Moon-gwang gets up immediately, still looking possessed, and immediately descends into the secret staircase behind the cabinet, screaming the entire way. The tension rises along with the score as Chung-sook follows her, her family watching from around the corner, and she goes deeper and deeper down into the concrete bunker to find another voice has joined Moon-gwang’s. She turns a corner and sees the maid talking to a middle-aged man, feeding him from a bottle. Chung-sook is understandably disturbed as the woman she usurped explains.
Oh Geun-sae, Moon-gwang’s husband, is a wanted man. Loan sharks have been hunting him since his Taiwanese cake shop went under, and so his wife snuck him into the house and is now here to feed him, having cut the CCTV cameras. For the past four years he has lived in the bunker under Namgoong’s compound, which even the Kims do not know about; In response to this story, more than a little similar to her own (the Taiwanese cake shop is even implied to be a former job for Ki-taek), Chung-sook begins to call the police.
Gook Moon-gwang begs her usurper, on her knees, to take money to feed her husband “as fellow members of the needy.” Chung-sook immediately denies her, cutting her hopes off with a statement that would divide them utterly if it were not a lie: “I’m not needy.” The power she holds over her counterpart has not changed her as she said it would, and refusing to be paid for feeding a wanted man once a week proves that she certainly isn’t any nicer.

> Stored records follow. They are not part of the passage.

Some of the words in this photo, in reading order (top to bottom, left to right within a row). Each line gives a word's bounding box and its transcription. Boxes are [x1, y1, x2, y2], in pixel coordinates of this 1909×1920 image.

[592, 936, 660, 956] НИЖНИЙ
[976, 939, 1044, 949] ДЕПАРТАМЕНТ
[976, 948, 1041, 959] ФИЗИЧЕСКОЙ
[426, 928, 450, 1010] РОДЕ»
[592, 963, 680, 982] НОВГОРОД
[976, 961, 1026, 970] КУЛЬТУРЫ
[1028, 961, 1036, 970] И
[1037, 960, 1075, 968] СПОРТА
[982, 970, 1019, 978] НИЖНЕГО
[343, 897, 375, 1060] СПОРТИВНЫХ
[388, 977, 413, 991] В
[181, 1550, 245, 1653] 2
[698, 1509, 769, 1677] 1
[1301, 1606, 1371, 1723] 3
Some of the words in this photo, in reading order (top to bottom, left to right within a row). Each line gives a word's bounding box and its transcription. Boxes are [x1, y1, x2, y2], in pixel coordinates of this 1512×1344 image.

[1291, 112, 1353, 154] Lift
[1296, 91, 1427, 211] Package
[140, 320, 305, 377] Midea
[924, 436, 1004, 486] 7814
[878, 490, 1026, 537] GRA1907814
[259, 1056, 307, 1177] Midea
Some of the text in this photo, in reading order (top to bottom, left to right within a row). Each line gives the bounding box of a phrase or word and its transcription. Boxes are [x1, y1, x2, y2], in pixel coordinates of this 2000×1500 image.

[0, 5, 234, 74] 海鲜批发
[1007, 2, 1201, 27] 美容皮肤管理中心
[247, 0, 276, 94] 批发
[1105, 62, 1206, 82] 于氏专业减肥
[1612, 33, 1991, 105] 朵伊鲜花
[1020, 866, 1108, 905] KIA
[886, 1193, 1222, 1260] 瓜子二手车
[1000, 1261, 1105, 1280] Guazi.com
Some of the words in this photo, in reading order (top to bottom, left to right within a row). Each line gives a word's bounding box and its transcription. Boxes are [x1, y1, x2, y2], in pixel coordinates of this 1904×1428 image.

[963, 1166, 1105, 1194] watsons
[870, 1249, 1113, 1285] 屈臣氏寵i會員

Her lies find her out, however, as the rest of the family collapses out into the open. Moon-gwang records them, and the pendulum swings away from the Kim family. Suddenly, Chung-sook is asking to talk things over, and Moon-gwang gives as good as she got, calling her a “filthy bitch” and making the family kneel while she and Geun-sae relax on the same couch the Kims did just moments before. Her indignities are not contained to Chung-sook’s behavior, though; The couple hates the Kims for disrespecting the “masterwork by the great Namgoong,” as well, reprimanding them for their drunken celebration. They see themselves as more worthy of the compound because they appreciate its “creative spirit,” conveniently ignoring that they are as much squatters as the Kim family.
Composer Jung Jae-il’s score heightens the emotions of the film, and a music choice perfectly complements what comes next: “In Ginocchio Da Te,” a ‘60s crooner, plays as a slow-motion brawl ensues between the two families. The Kims spot an opening and rush in, desperately grabbing for the phone to delete the video. Geun-sae wrestles while Moon-gwang beats the impostors over the head with a heavy bottle.
Kim Ki-jung does not suffer this lightly, and adds biological warfare to the class warfare, grabbing peaches and inducing anaphylaxis on the elderly housekeeper. The family holds down Geun-sae and deletes the video, just as the phone begins to ring. The tension ramps up and shifts here, as the Parks inform Chung-sook that the rain forced them to cancel the camping trip and that they will be back in eight minutes. The Kims have to force Moon-gwang and Geun-sae into the bunker, tie them up, clean up their huge mess, hide themselves, and to cap it all off, Chung-sook has to learn how to cook ramdon. Hong Kyung-pyo expertly intercuts brutal scenes of Ki-woo dragging the unconscious Moon-gwang through the harsh concrete bunker with Chung-sook cooking, lending an air of tension but also absurdity to the sequence.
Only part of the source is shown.